Les pays du Printemps arabe, déstabilisés, chutent : la Tunisie perd deux places (75e sur 174) ; l’Egypte, six (118e) ; et la Syrie, quinze (144e) ; seule la Libye remonte de huit places, mais il est vrai qu’elle part du bas de l’échelle (168e). La situation n’est guère plus glorieuse dans les autres pays arabes, et, plus généralement, dans les pays musulmans, depuis les mieux notés, Qatar (27e), jusqu’à la Somalie et l’Afghanistan (174e et derniers), en passant par la Turquie et la Malaisie (54e). Liée à des facteurs socio-politico-économiques, la corruption constitue un fléau universel.

Ce qui peut néanmoins distinguer l’islam, c’est qu’il a très tôt développé une pensée juridique originale en la matière.

Dès les XIe-XIIe siècles en effet, à Boukhara (actuel Ouzbékistan), les juristes musulmans ont développé une réflexion juridico-philosophique – lois et esprit des lois –, dont on ne trouvera les premiers équivalents qu’au XXe siècle, notamment aux Etats-Unis.

C’est en substance l’idée selon laquelle la corruption constitue un délit et menace le fondement de l’ordre politique, social, culturel et religieux. Les présupposés de cette pensée sont communs aux quatre écoles juridiques d’islam.

Dès le Xe siècle, le droit musulman, toutes écoles confondues, distingue trois sphères de justice.
La première, c’est le service public. Les deux autres sont privées : c’est l’échange commercial (matériel) et l’échange social (immatériel : mariage, parenté, amitié, etc).
Chaque sphère constitue un système régi selon ses propres normes et valeurs. Aussi, on ne saurait les faire passer de l’un à l’autre sans les détruire, sans les corrompre : on ne saurait vendre sa femme sans mettre en péril le concept même de mariage, ni appliquer le principe de préférence familiale dans un procès sans mettre en péril le concept même de justice, etc.

Sauver le droit public pour sauver son âme

Dès lors, c’est la figure du qâdî, du juge, qui se trouve placée au centre des préoccupations des écoles du droit musulman. Parce qu’il représente les normes du droit sacré et garantit, par leur application, la justice pour les sujets, le juge est le garant du caractère éthique et religieux du service public.
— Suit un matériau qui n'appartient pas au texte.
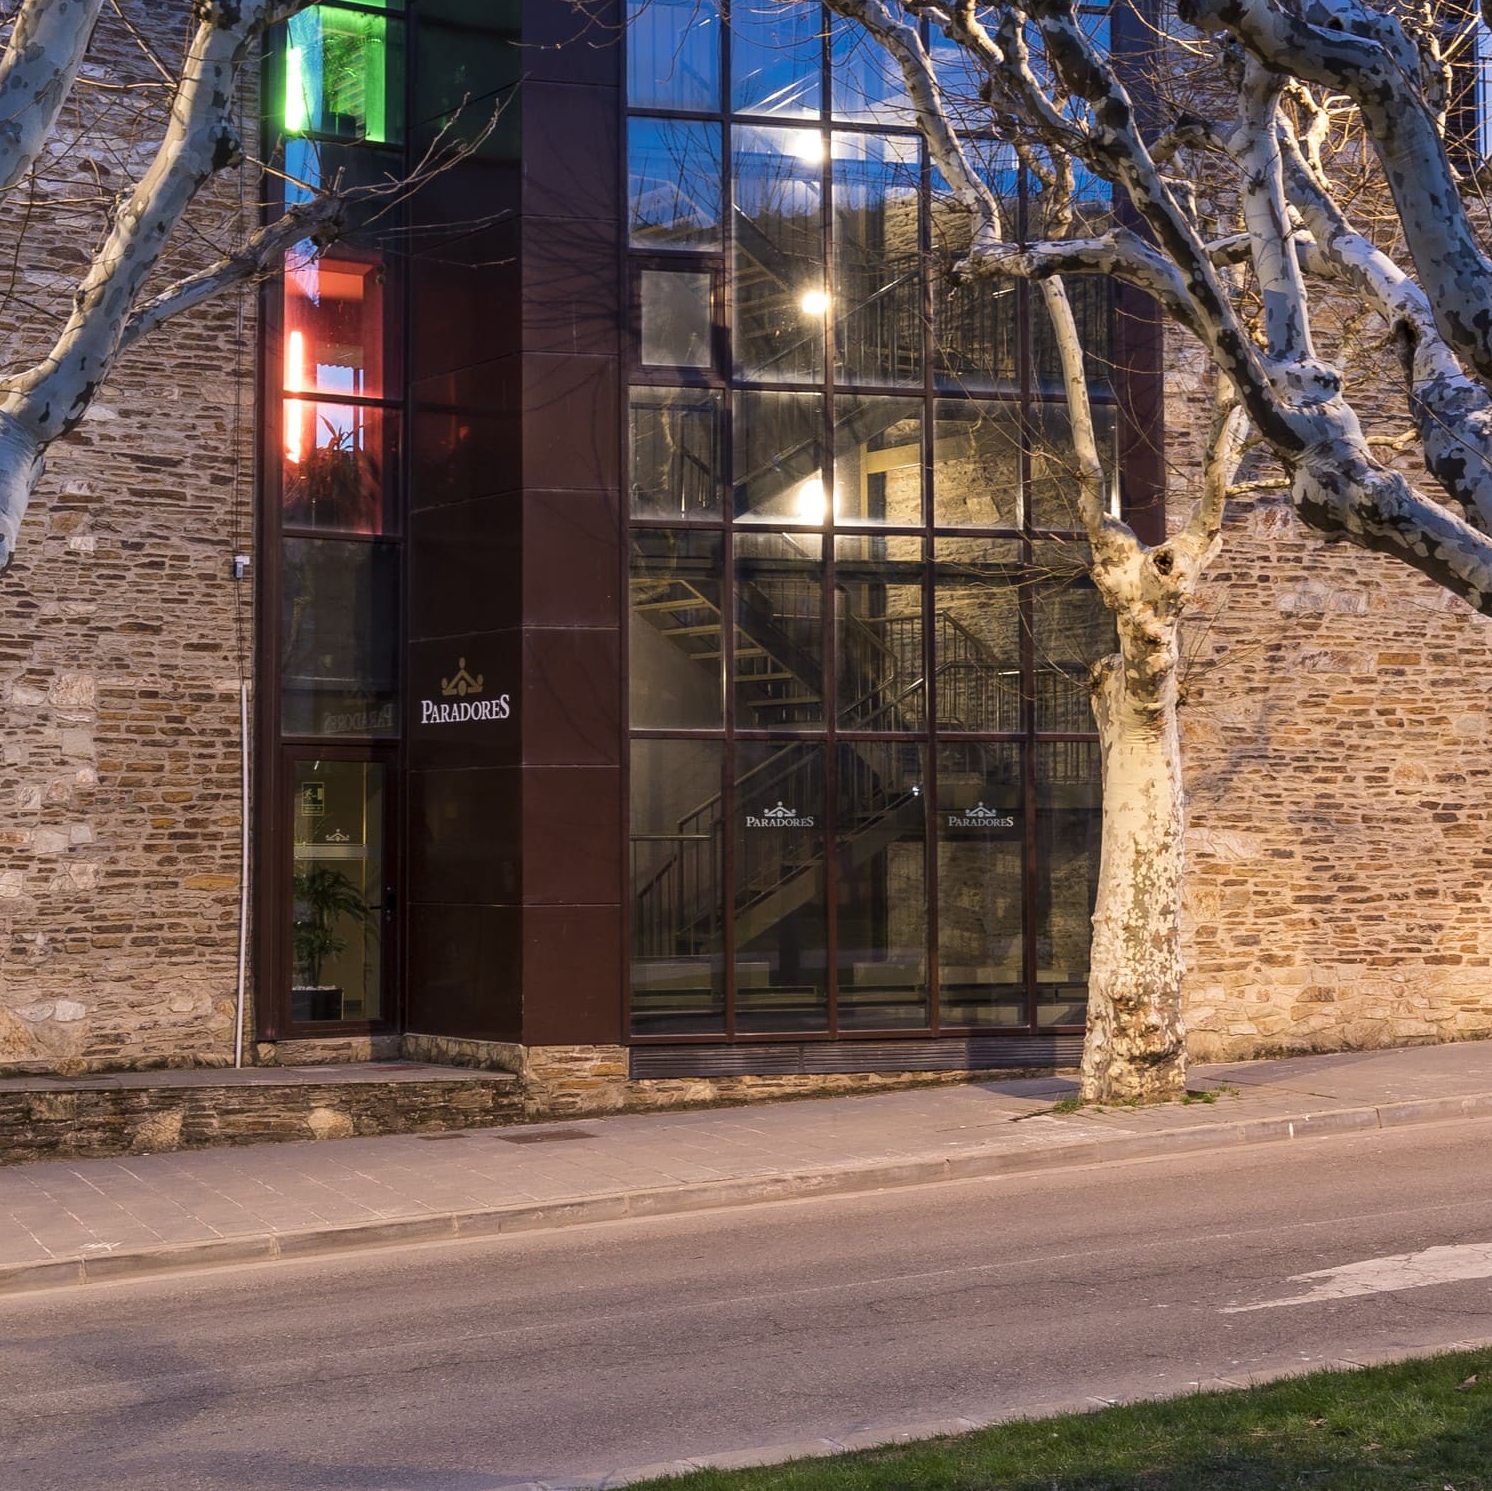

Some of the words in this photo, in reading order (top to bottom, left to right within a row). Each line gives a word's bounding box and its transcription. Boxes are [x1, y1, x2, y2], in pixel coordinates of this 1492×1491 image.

De Boukhara à Séville, en passant par Damas, son magistère est immense, et son rôle, prépondérant dans le gouvernement des villes.

Défendre le service public face à l’influence des intérêts privés suppose la définition des actes susceptibles de violer les limites qui séparent les deux types de sphères.
C’est uniquement sur ce terrain que se différencieront les différentes écoles du droit sunnite.

L’école hanéfite est pionnière, avec La Déontologie du qâdî (Adab al-qâdî), une monographie composée au IXe siècle par le Bagdadien Khassaf. Elle servira de base à la doctrine qu’élaborera au XIIe siècle Ibn Maza sur la corruption du service public. Ainsi Sarakhsi (m. 1096), plus haute autorité du droit hanéfite de Transoxiane, ne voit pas d’inconvénient à ce qu’un juge traite des affaires commerciales en séances publiques, à condition qu’il serve l’intérêt public, comme c’est le cas lorsqu’il protège les intérêts des orphelins placés sous sa juridiction. En dehors des séances de la cour, il peut se livrer à des affaires commerciales pour son propre compte.
Les juristes de l’école malikite divergent sur ce point : licite pour les uns, répréhensible pour d’autres.
Hanbalites et chafiites conseillent ainsi au juge de nommer un agent commercial dont le public ignore qu’il le représente. Il y va également du salut de son âme, car, dit un hadith, « Dieu maudit le corrupteur et le corrompu ».